Yıldırım, listed as the number two suspect, is charged with allegedly forming a crime organization and manipulating several games, which led to the Fenerbahçe’s 18th league championship last season.
There are suspects from at least eight clubs, including Super League runner-up Trabzonspor and last season’s Turkish Cup winner Beşiktaş, but the case has been centered on Fenerbahçe, resulting in quite a reaction from Yıldırım and the club’s fans.
In a hearing earlier this week, Yıldırım claimed that he should not be the only focus of the case. “This case is not about cleansing football,” the daily Radikal quoted him as saying. “If it were just about that, the whole football world would be here, not just me. Where are the Trabzonspor officials? … Incentives were offered to other clubs as well, according to the indictment.”

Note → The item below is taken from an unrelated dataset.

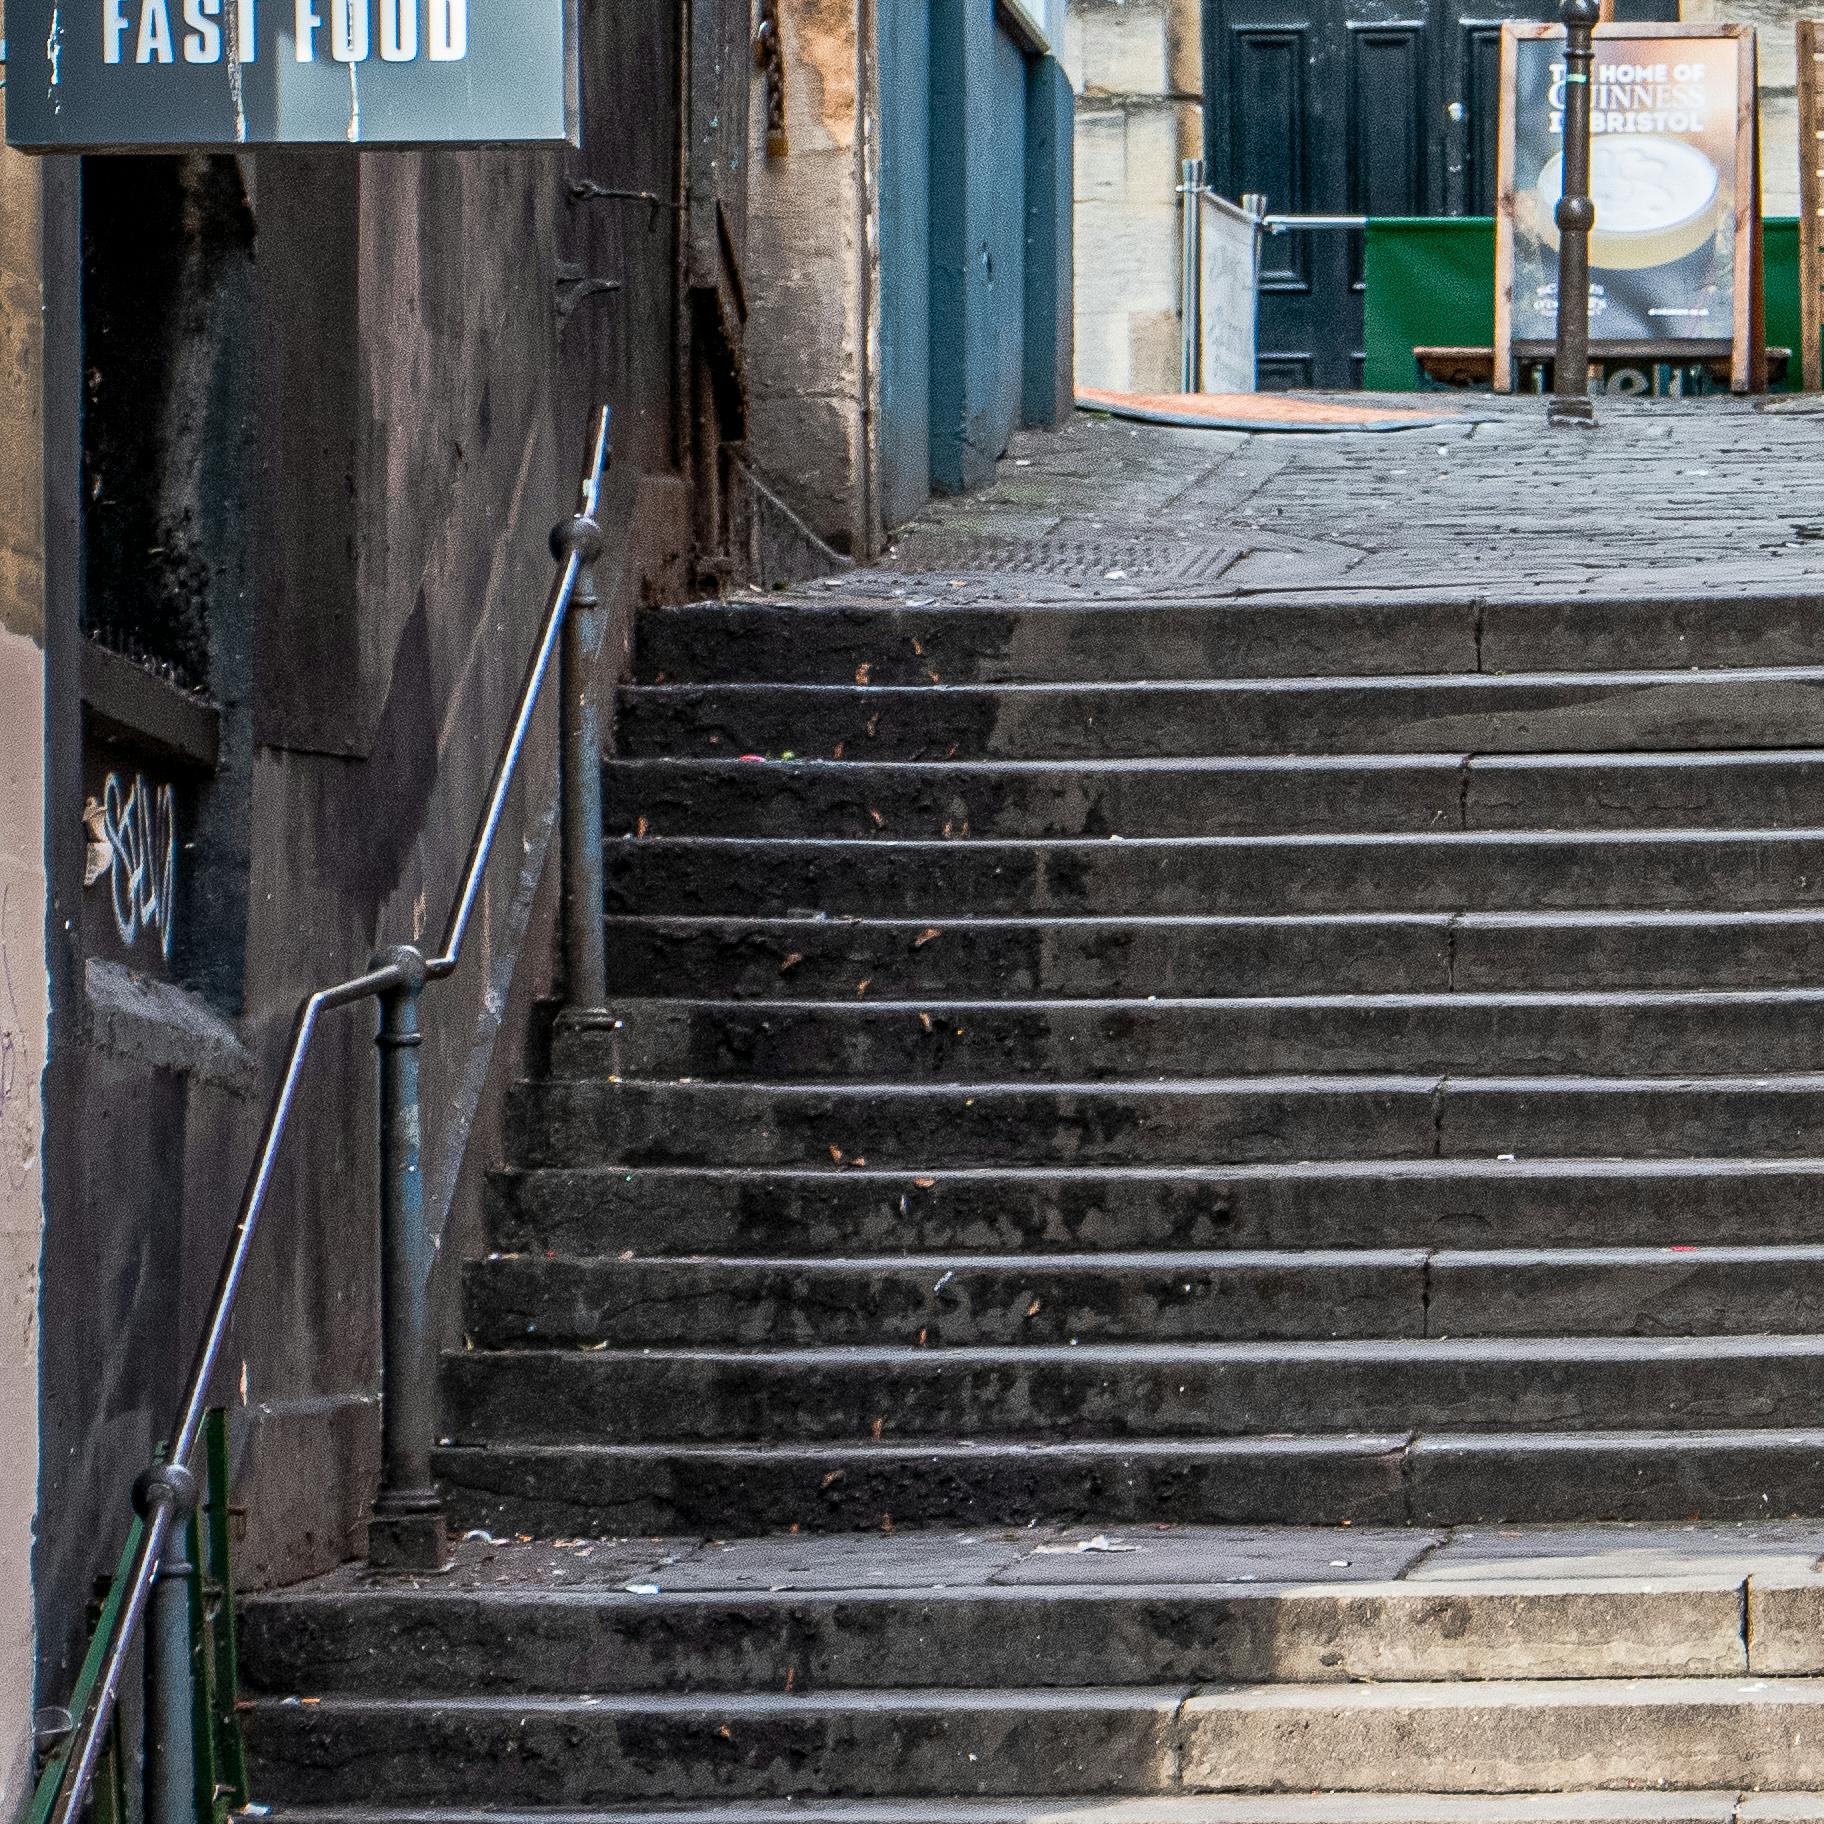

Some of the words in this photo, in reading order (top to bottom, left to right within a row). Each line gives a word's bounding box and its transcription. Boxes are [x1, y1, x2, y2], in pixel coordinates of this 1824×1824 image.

[1599, 64, 1667, 83] HOME
[1673, 64, 1705, 82] OF
[1548, 81, 1704, 109] GINNESS
[1592, 111, 1704, 133] BRISTOL
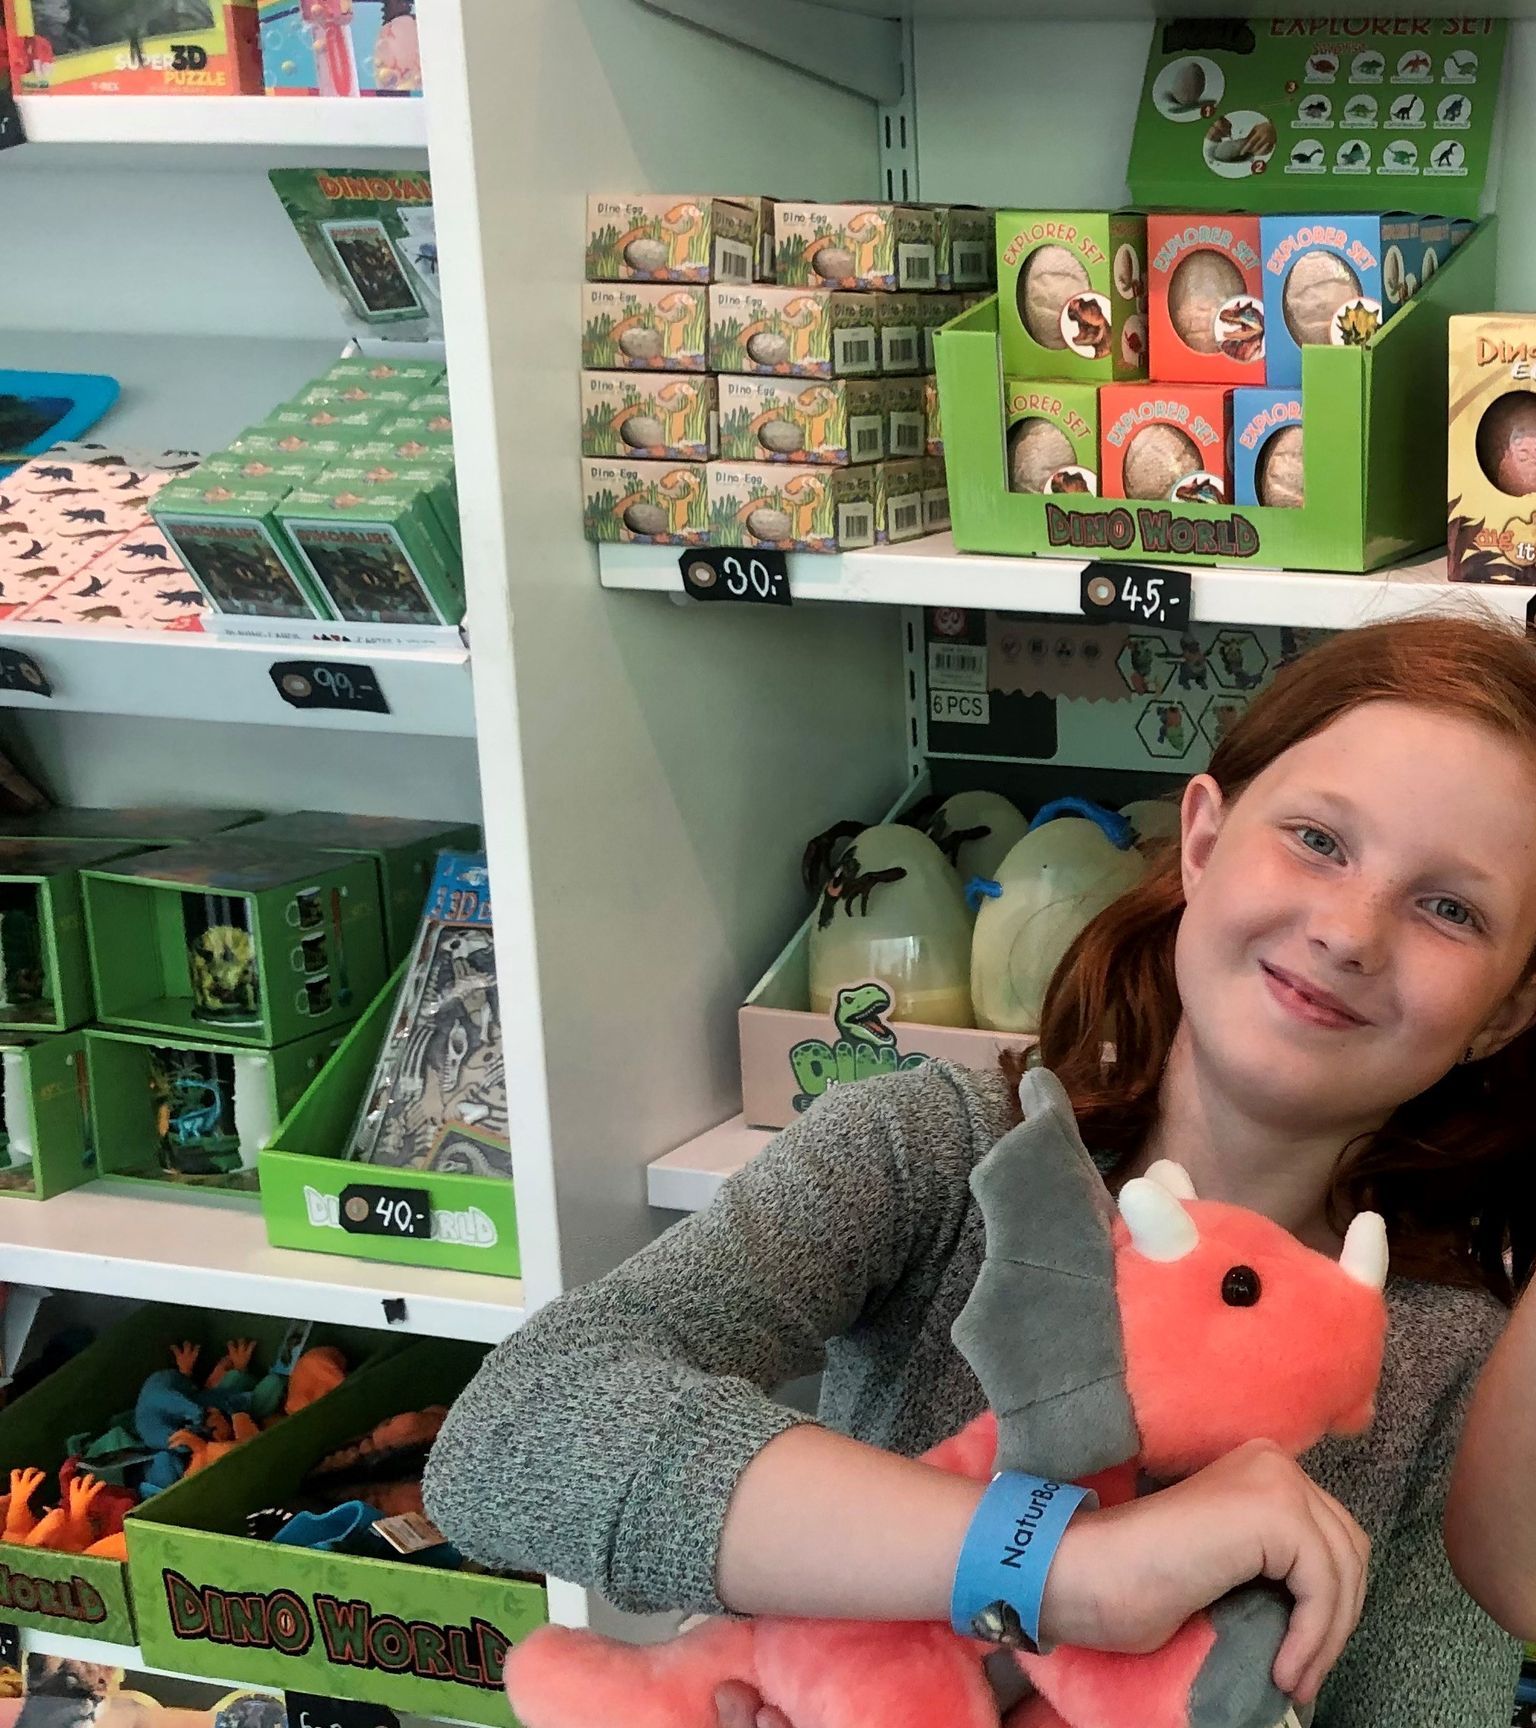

Judge Mehmet Ekinci replied to this saying that Trabzonspor officials would also testify at the courthouse, to which Yıldırım, who has been jailed since early July, responded, “What difference does it make, if they come here two months later?”
Yıldırım claimed that this case was just about him, and said that he would prove Trabzon officials were aware that Fener board members were being wiretapped all along.
Most Fenerbahçe fans share Yıldırım’s views, claiming that the case was only opened to dethrone Yıldırım, in an attempt to take over the most coveted seat in Turkish football. They have said the evidence in the case is not convincing, and that it is another attempt by Fethullah Gülen’s religious community to take over the football scene, just as it has purportedly seized the state’s other key institutions. That view was echoed at one of many street protests held by Fenerbahçe fans, when they gathered outside the Çağlayan Courthouse last month for the first round of the hearings. “The [Gülen] Community can’t cope with Fener,” read a banner, which was widely shared via social networking sites.
Yıldırım’s statements to journalists during a break in the hearing on Feb. 14 were similar. “They say it was match fixing. What match fixing?” Yıldırım said. “The country is getting out of hand, but all they talk about is match fixing.”
A similarly stadium-like atmosphere is expected over the next two days, but especially tomorrow, when Ekinci is expected to consider the suspects’ lawyers’ demands for acquittal. Two Fenerbahçe officials were released pending charges after the first round of hearings last month, but Fenerbahçe fans were angered by the decision to keep Yıldırım, along with two other Fener officials, in jail.